**** Dataset records

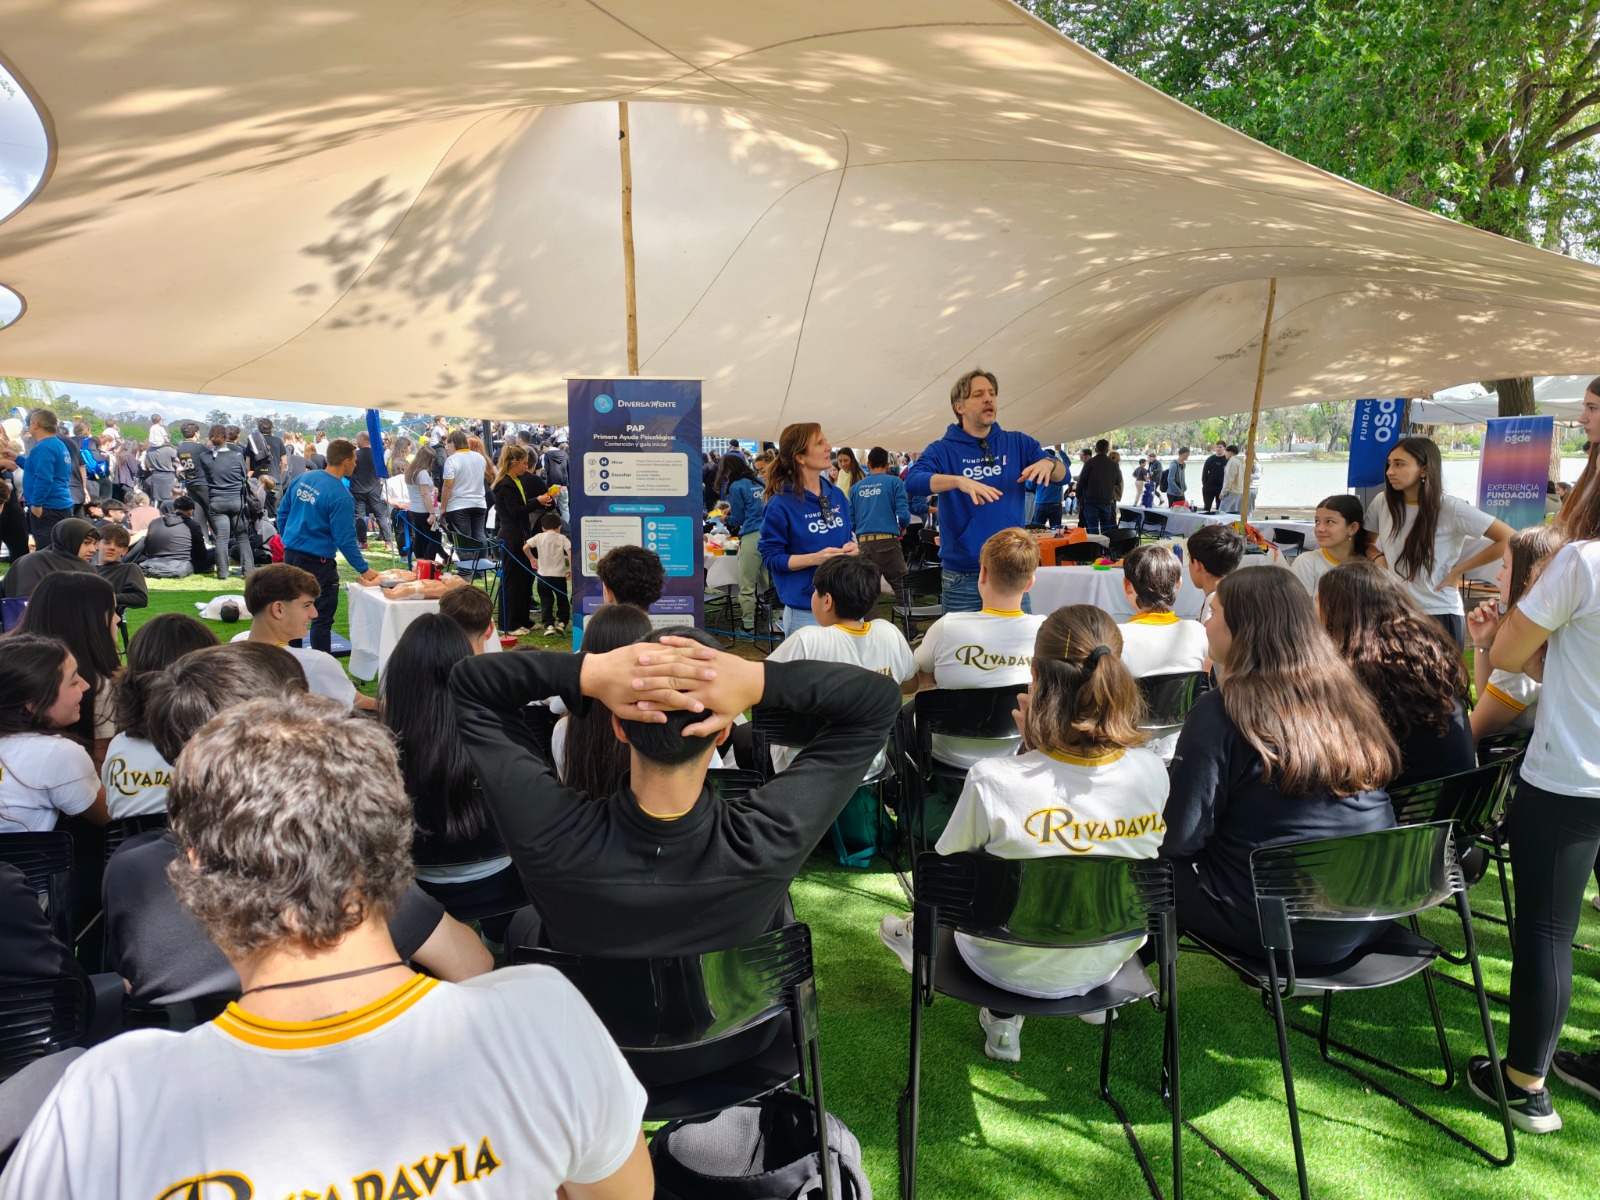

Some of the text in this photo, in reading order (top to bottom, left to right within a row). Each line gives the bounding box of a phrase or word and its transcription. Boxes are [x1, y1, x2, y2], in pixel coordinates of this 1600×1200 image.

[1360, 400, 1372, 441] FUNDAC
[1374, 398, 1397, 443] osd
[1504, 434, 1532, 445] osde
[181, 458, 195, 470] 26
[962, 464, 1002, 480] osde
[859, 487, 881, 498] osde
[1486, 490, 1540, 499] FUNDACIÓN
[1487, 483, 1540, 491] EXPERIENCIA
[1486, 499, 1511, 507] OSDE
[955, 644, 1033, 672] RIVADAV
[107, 757, 171, 797] RIVADA
[1024, 806, 1166, 855] RIVADAVIA
[154, 1136, 502, 1200] DAVIA

********

### What to work on
Return the records above exactly as written. Do not include their images.

### Solution for this problem
Some of the text in this photo, in reading order (top to bottom, left to right within a row). Each line gives the bounding box of a phrase or word and its transcription. Boxes are [x1, y1, x2, y2], in pixel coordinates of this 1600×1200 image.

[1360, 400, 1372, 441] FUNDAC
[1374, 398, 1397, 443] osd
[1504, 434, 1532, 445] osde
[181, 458, 195, 470] 26
[962, 464, 1002, 480] osde
[859, 487, 881, 498] osde
[1486, 490, 1540, 499] FUNDACIÓN
[1487, 483, 1540, 491] EXPERIENCIA
[1486, 499, 1511, 507] OSDE
[955, 644, 1033, 672] RIVADAV
[107, 757, 171, 797] RIVADA
[1024, 806, 1166, 855] RIVADAVIA
[154, 1136, 502, 1200] DAVIA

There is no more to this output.